» **EXERCISE**
All entries need to be written out again exactly, without their pictures.

» **THE DATA**
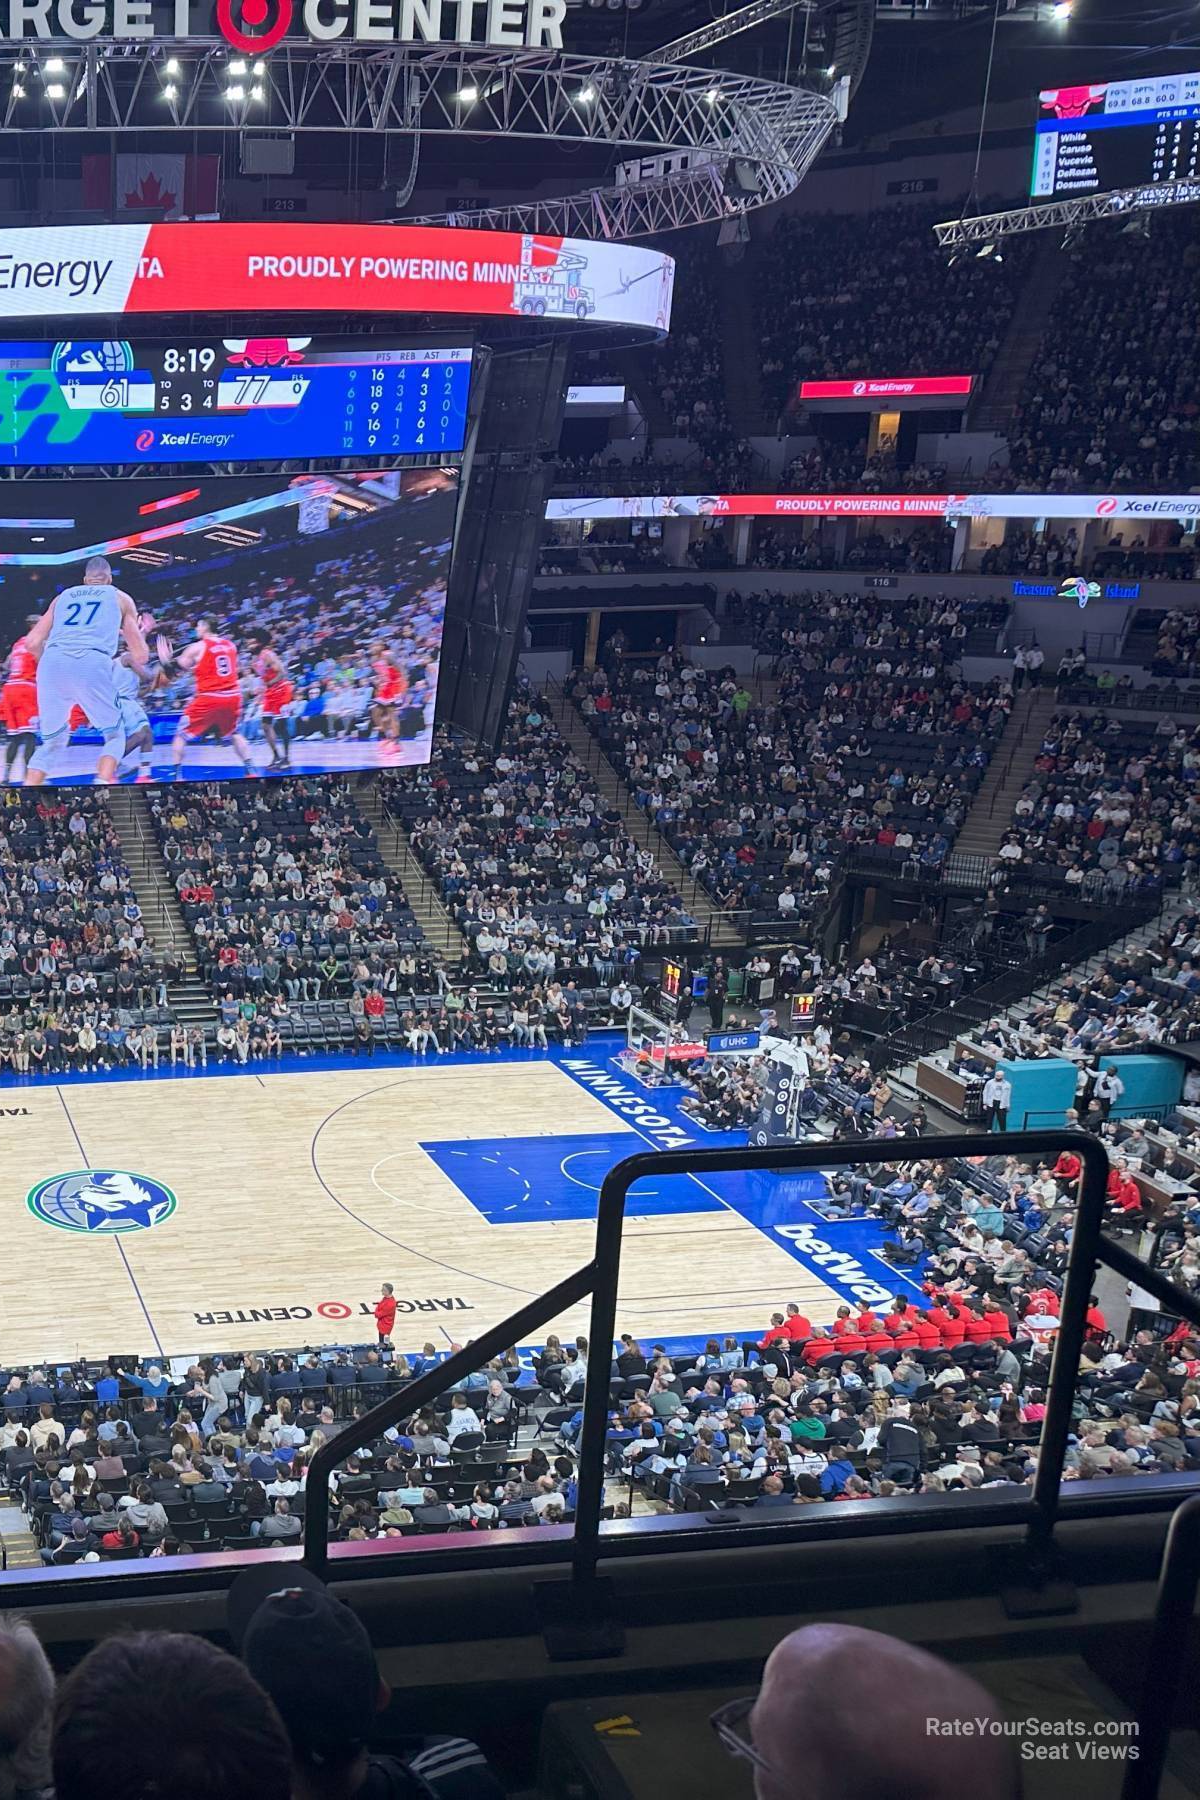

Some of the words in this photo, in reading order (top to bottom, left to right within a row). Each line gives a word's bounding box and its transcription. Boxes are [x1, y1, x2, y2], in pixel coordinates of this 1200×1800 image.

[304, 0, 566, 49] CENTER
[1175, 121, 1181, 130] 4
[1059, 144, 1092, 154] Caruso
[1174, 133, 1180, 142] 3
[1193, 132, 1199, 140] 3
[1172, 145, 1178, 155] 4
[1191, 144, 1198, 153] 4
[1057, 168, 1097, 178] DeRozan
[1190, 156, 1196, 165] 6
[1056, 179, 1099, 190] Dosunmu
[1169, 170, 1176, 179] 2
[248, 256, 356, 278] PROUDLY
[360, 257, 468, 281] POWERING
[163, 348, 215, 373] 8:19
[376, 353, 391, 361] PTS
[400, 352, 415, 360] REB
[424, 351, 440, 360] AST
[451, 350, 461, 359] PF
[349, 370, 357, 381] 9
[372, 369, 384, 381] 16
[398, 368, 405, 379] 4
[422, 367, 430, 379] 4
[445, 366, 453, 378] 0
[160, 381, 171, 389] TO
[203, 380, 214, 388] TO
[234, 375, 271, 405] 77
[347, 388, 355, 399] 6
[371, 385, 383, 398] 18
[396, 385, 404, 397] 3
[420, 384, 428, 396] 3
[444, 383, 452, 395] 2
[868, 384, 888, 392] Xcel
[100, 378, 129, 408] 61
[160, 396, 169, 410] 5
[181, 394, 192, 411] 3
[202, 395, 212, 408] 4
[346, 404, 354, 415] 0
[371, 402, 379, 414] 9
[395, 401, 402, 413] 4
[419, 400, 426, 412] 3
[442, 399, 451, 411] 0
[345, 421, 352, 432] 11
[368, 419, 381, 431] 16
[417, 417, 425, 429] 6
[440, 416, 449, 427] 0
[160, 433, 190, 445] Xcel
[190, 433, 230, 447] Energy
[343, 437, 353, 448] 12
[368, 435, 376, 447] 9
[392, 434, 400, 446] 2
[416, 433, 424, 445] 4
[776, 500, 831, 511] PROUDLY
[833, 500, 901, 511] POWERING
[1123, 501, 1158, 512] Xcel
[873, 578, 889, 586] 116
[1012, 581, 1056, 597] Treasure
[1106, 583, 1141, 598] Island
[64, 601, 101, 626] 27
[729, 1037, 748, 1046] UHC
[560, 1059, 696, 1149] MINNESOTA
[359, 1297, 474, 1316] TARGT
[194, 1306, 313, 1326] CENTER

» **TASK ANSWER**
Some of the words in this photo, in reading order (top to bottom, left to right within a row). Each line gives a word's bounding box and its transcription. Boxes are [x1, y1, x2, y2], in pixel coordinates of this 1200×1800 image.

[304, 0, 566, 49] CENTER
[1175, 121, 1181, 130] 4
[1059, 144, 1092, 154] Caruso
[1174, 133, 1180, 142] 3
[1193, 132, 1199, 140] 3
[1172, 145, 1178, 155] 4
[1191, 144, 1198, 153] 4
[1057, 168, 1097, 178] DeRozan
[1190, 156, 1196, 165] 6
[1056, 179, 1099, 190] Dosunmu
[1169, 170, 1176, 179] 2
[248, 256, 356, 278] PROUDLY
[360, 257, 468, 281] POWERING
[163, 348, 215, 373] 8:19
[376, 353, 391, 361] PTS
[400, 352, 415, 360] REB
[424, 351, 440, 360] AST
[451, 350, 461, 359] PF
[349, 370, 357, 381] 9
[372, 369, 384, 381] 16
[398, 368, 405, 379] 4
[422, 367, 430, 379] 4
[445, 366, 453, 378] 0
[160, 381, 171, 389] TO
[203, 380, 214, 388] TO
[234, 375, 271, 405] 77
[347, 388, 355, 399] 6
[371, 385, 383, 398] 18
[396, 385, 404, 397] 3
[420, 384, 428, 396] 3
[444, 383, 452, 395] 2
[868, 384, 888, 392] Xcel
[100, 378, 129, 408] 61
[160, 396, 169, 410] 5
[181, 394, 192, 411] 3
[202, 395, 212, 408] 4
[346, 404, 354, 415] 0
[371, 402, 379, 414] 9
[395, 401, 402, 413] 4
[419, 400, 426, 412] 3
[442, 399, 451, 411] 0
[345, 421, 352, 432] 11
[368, 419, 381, 431] 16
[417, 417, 425, 429] 6
[440, 416, 449, 427] 0
[160, 433, 190, 445] Xcel
[190, 433, 230, 447] Energy
[343, 437, 353, 448] 12
[368, 435, 376, 447] 9
[392, 434, 400, 446] 2
[416, 433, 424, 445] 4
[776, 500, 831, 511] PROUDLY
[833, 500, 901, 511] POWERING
[1123, 501, 1158, 512] Xcel
[873, 578, 889, 586] 116
[1012, 581, 1056, 597] Treasure
[1106, 583, 1141, 598] Island
[64, 601, 101, 626] 27
[729, 1037, 748, 1046] UHC
[560, 1059, 696, 1149] MINNESOTA
[359, 1297, 474, 1316] TARGT
[194, 1306, 313, 1326] CENTER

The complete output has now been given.